▶ **Exercise directions**
Could you retype the records below exactly as they appear, skipping any pictures?

▶ **Task material**
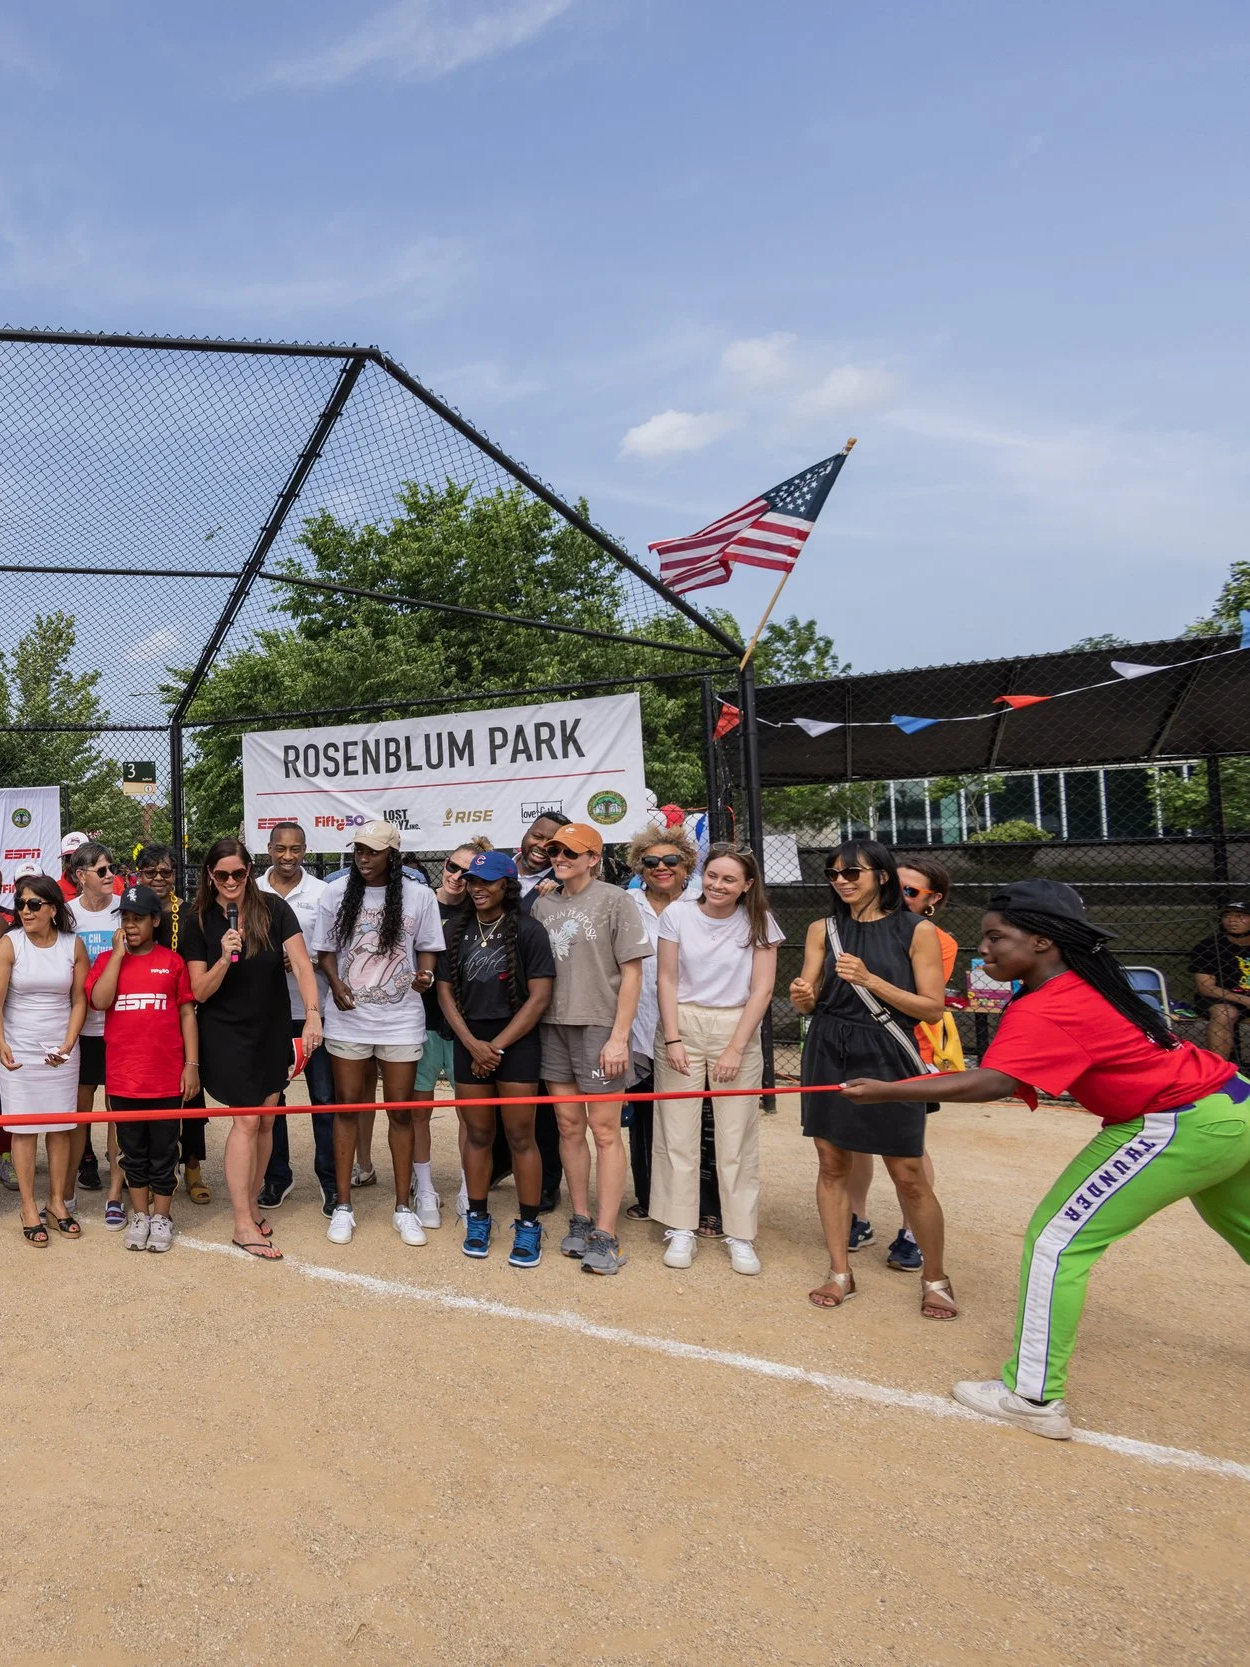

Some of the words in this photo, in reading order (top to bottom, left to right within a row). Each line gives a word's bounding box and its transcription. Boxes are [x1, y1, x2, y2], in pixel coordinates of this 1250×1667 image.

[283, 729, 474, 778] ROSENBLUM
[488, 718, 585, 765] PARK
[127, 763, 136, 778] 3
[383, 809, 408, 821] LOST
[455, 810, 493, 824] RISE
[314, 815, 366, 831] Fifty50
[4, 848, 40, 860] ESPN
[114, 993, 168, 1012] ESPN
[1064, 1138, 1156, 1222] THUNDER
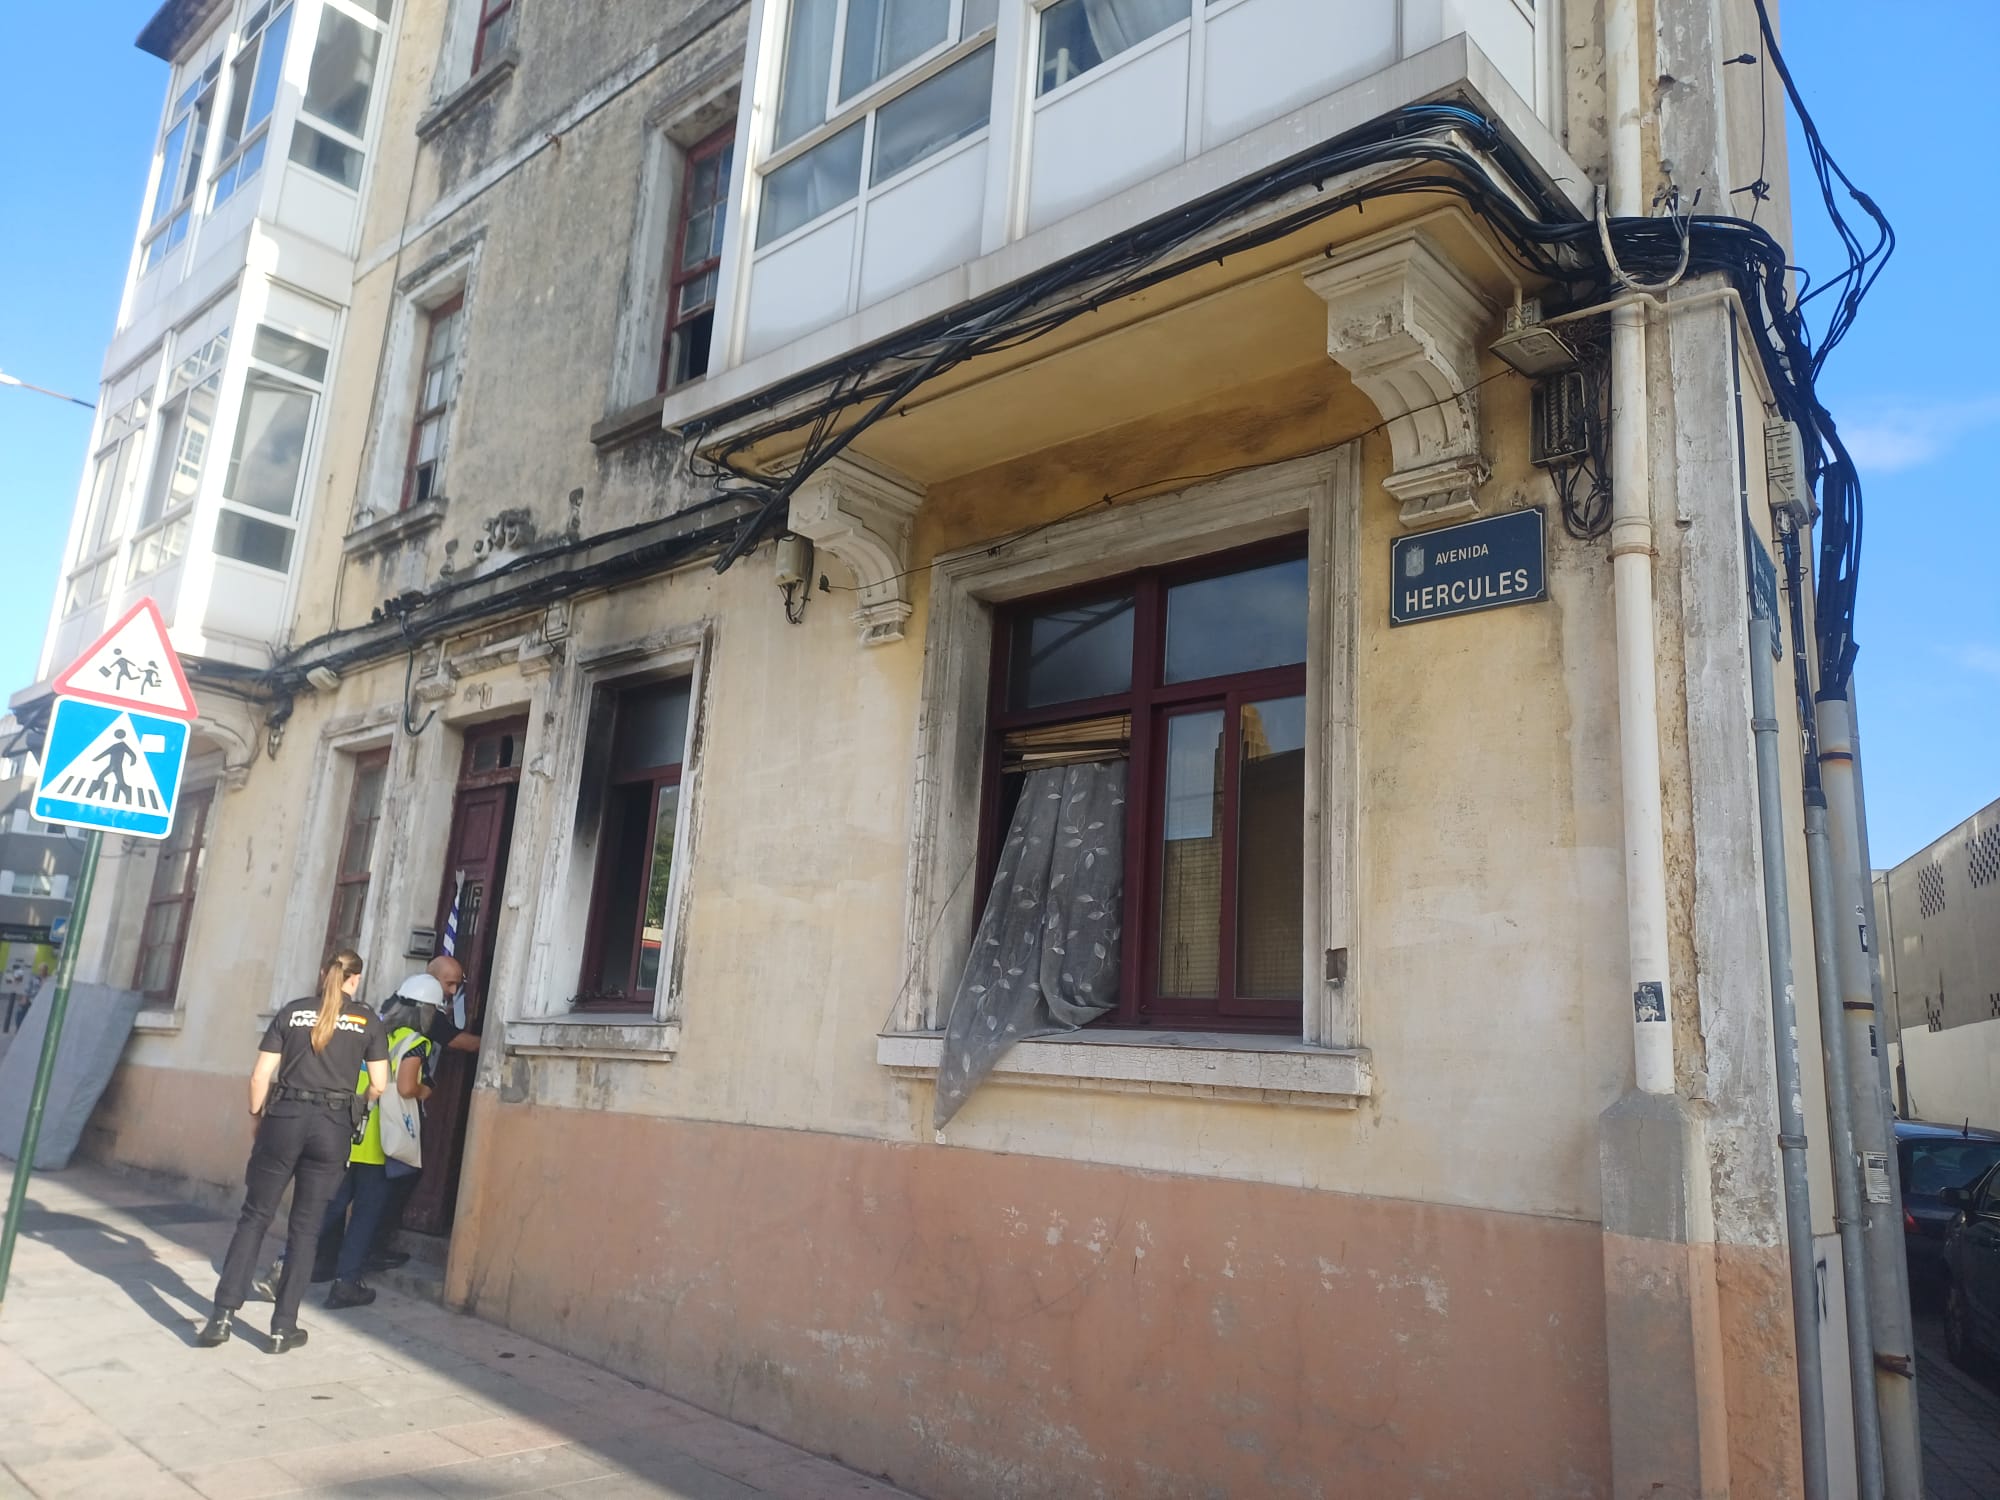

▶ **Expected output**
Some of the words in this photo, in reading order (top to bottom, left to right within a row). Each line gives a word's bounding box and its transcription. Boxes are [x1, y1, x2, y2], in pixel coordinates of this 1250×1667 image.

[283, 729, 474, 778] ROSENBLUM
[488, 718, 585, 765] PARK
[127, 763, 136, 778] 3
[383, 809, 408, 821] LOST
[455, 810, 493, 824] RISE
[314, 815, 366, 831] Fifty50
[4, 848, 40, 860] ESPN
[114, 993, 168, 1012] ESPN
[1064, 1138, 1156, 1222] THUNDER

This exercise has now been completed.